In Germany, proof of COVID vaccinations or recent recovery, was typically entered in the International Certificate of Vaccination or Prophylaxis (Impfausweis), similar to how other vaccinations for other diseases are recorded. The entry in this booklet could be used to acquire an EU Digital COVID Certificate, in accordance with EU Directive 2021/953, effective 1 July 2021.

===== Hungary =====
Outside of the application of the EUDCC, Hungary recognised Kazakh and Indian vaccine passports.

===== Ireland =====

In July 2021, Ireland introduced a vaccine certificate program (EU Digital COVID Certificate) which allowed vaccinated individuals to attend cafes, bars and restaurants. Due to one of the highest uptakes of COVID-19 vaccines in the world, the Republic of Ireland (but not Northern Ireland) had plans to retire their vaccine passport program on 22 October 2021, however, this was postponed due to increased COVID-19 cases and hospital numbers. On 22 January 2022, the Republic of Ireland's vaccine passport programme was retired, except for international travel.

===== Italy =====

In August 2021, the Italian government extended the requirement of the EU Digital COVID Certificate, also known as a Green Pass, to the participation in sports events and music festivals, but also to access indoor places like bars, restaurants and gyms, as well as long-distance public transportation. On 15 October 2021, Italy became the first country in the world to require its entire workforce, public and private, to have a government-issued health pass.

===== Sweden =====
On 1 December 2021, the Swedish government introduced vaccine passports for indoor events with more than 100 people. Indoor events with more than 100 participants who did not use vaccination certificates were required follow specific guidelines to avoid spreading the disease.

===== Ukraine =====

In Ukraine, citizens with at least one dose of a vaccine were allowed to attend certain high-risk indoor settings which would normally be closed or heavily restricted in hot spots.

===== United Kingdom =====

Proof of vaccination programs existed in the Home Nations of the United Kingdom, with England and Wales referring to them as "NHS COVID Pass", Scotland as "NHS Scotland Covid Status", and Northern Ireland as "COVIDCert NI". By December 2021, all four nations had mandated proof of vaccination or a recent negative test in specific settings. The exact rules varied by nation, but they primarily applied to venues such as cinemas, nightclubs, and venues hosting large organized events (including but not limited to concerts and sporting events).
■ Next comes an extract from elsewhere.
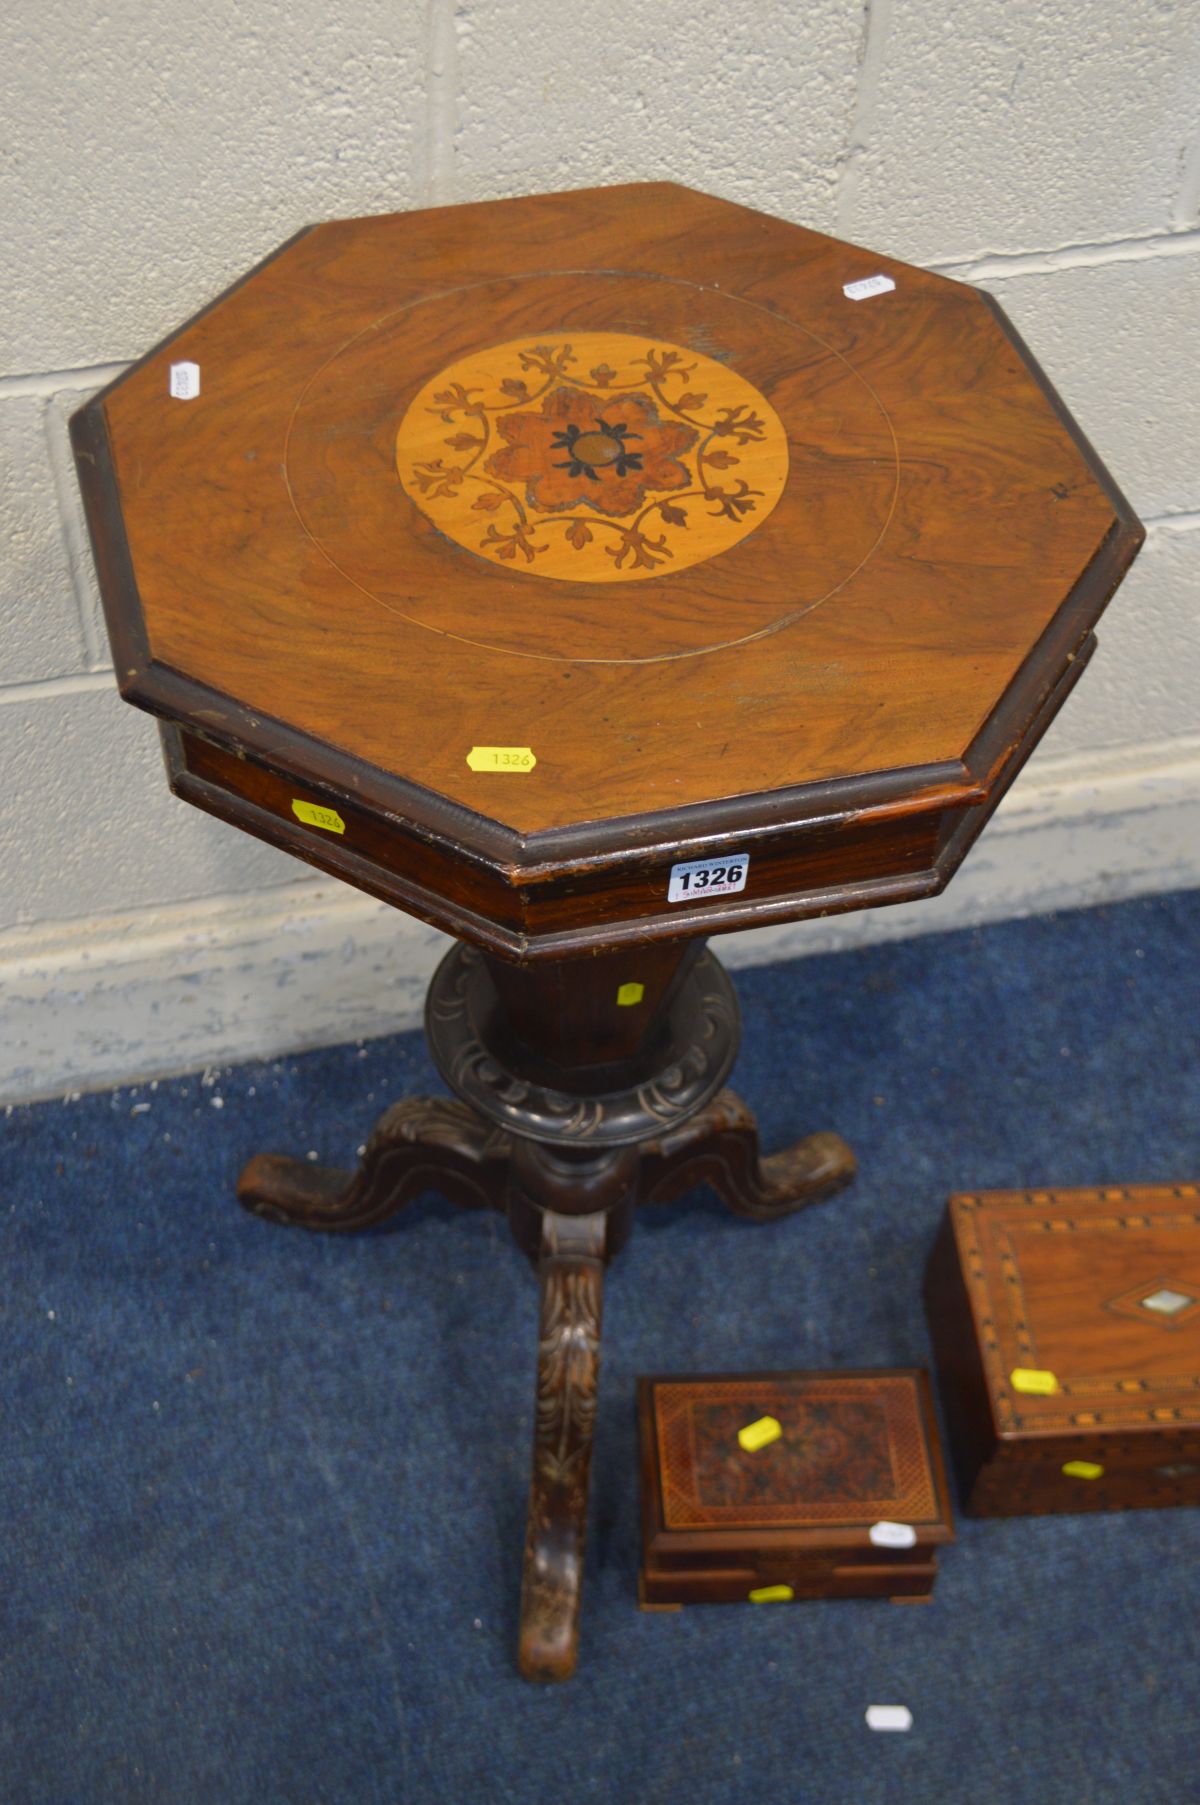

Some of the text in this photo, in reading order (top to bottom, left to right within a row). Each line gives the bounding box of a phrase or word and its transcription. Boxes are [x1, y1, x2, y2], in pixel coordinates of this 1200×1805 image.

In September 2021, Secretary of Health Sajid Javid stated that England would not implement a mandate for proof of vaccination, following pushback from Conservative members of parliament and business leaders over potential discrimination and economic harm. Prime Minister Boris Johnson subsequently stated that England would focus on a strategy of contact tracing, rapid testing, and the rollout of vaccine boosters, and only included mandatory proof of vaccination in a package of "plan B" measures (including a reintroduction of mask mandates) in the event of another surge of COVID-19 cases. The spread of Omicron variant in England would lead to the implementation of "plan B", resulting in proof of vaccination for nightclubs and large events becoming mandatory beginning 15 December. These restrictions ended on 27 January 2022.
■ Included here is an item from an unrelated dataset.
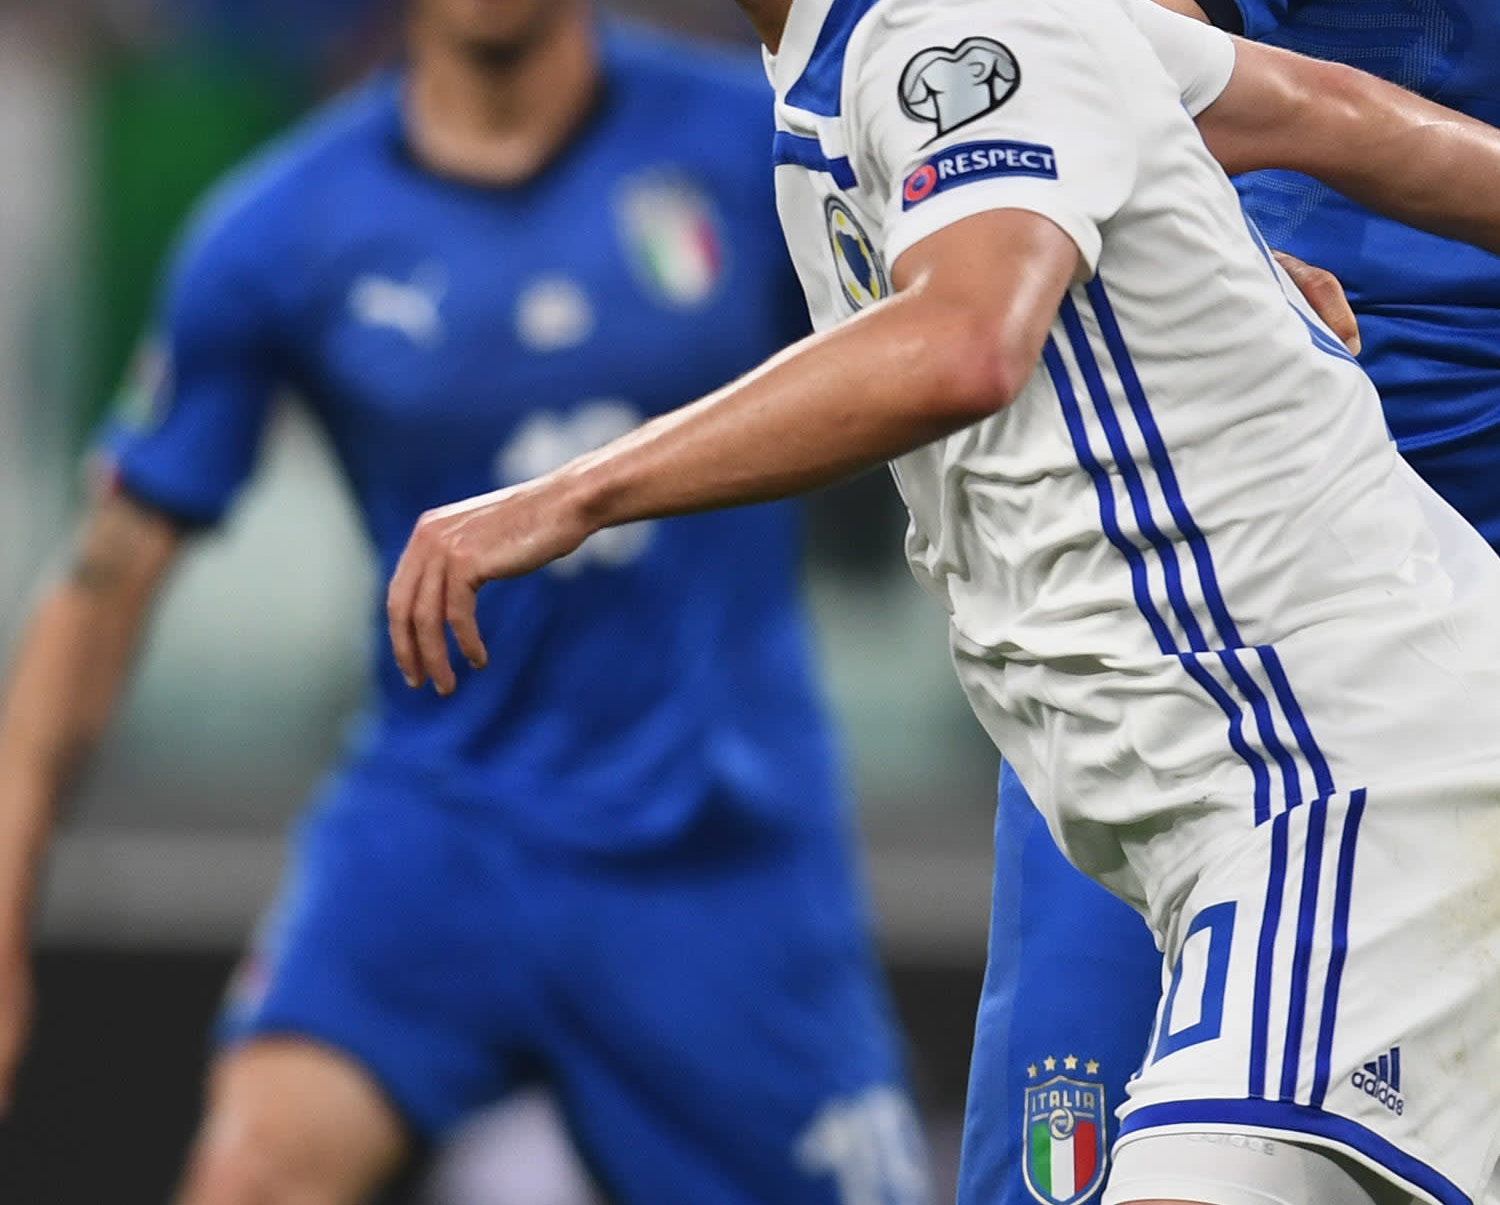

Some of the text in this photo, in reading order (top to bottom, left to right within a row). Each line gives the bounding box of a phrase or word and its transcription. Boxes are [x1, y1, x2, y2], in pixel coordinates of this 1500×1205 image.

===== North Macedonia =====

Residents wishing to attend events, bars, restaurants, and other dining establishments had to present proof of vaccination.

=== North America ===
==== Canada ====

Vaccine passport status in Canada:

An example proof of vaccination adhering to Canadian federal standards.

The implementation of digital proof of vaccination in Canada was largely conducted at the provincial and territorial level, with the federal government specifying the SMART Health Card document and QR code standard designed to be suitable for international travel.

By November 2021, all ten provinces in Canada, and two of the three territories, had implemented or announced plans to implement a provincially-regulated vaccine passport.

==== Federal requirements and mandates ====

Beginning 30 October 2021, proof of vaccination became mandatory for all passengers aged 12 and older boarding domestic and/or international commercial airplanes departing from most Canadian airports, and those riding on the cross-country Via Rail services.

Travellers by land (via the United States border) were required to be fully vaccinated to enter Canada, and required to provide a negative test 72 hours before land crossing. An exception was made for essential workers until January 15 2022, when essential workers (mainly truckers) were required to be fully vaccinated to re-enter the country. In late-January 2022, a convoy to a demonstration in the federal capital of Ottawa—supported primarily by far-right activists and groups—was held to protest this change.

===== Alberta =====
Alberta implemented the Restrictions Exemption Program (REP) from 20 September 2021 to 8 February 2022, after re-establishing a state of emergency on 15 September 2021. The government described the program as an opt-in system, allowing establishments to operate with fewer restrictions. Visitors at these establishments were required to present a proof of vaccination or a recent negative test. If a facility did not participate, or was prohibited from participating, it was required to comply with all public health orders, such as reduced capacity and/or being prohibited from offering indoor dining.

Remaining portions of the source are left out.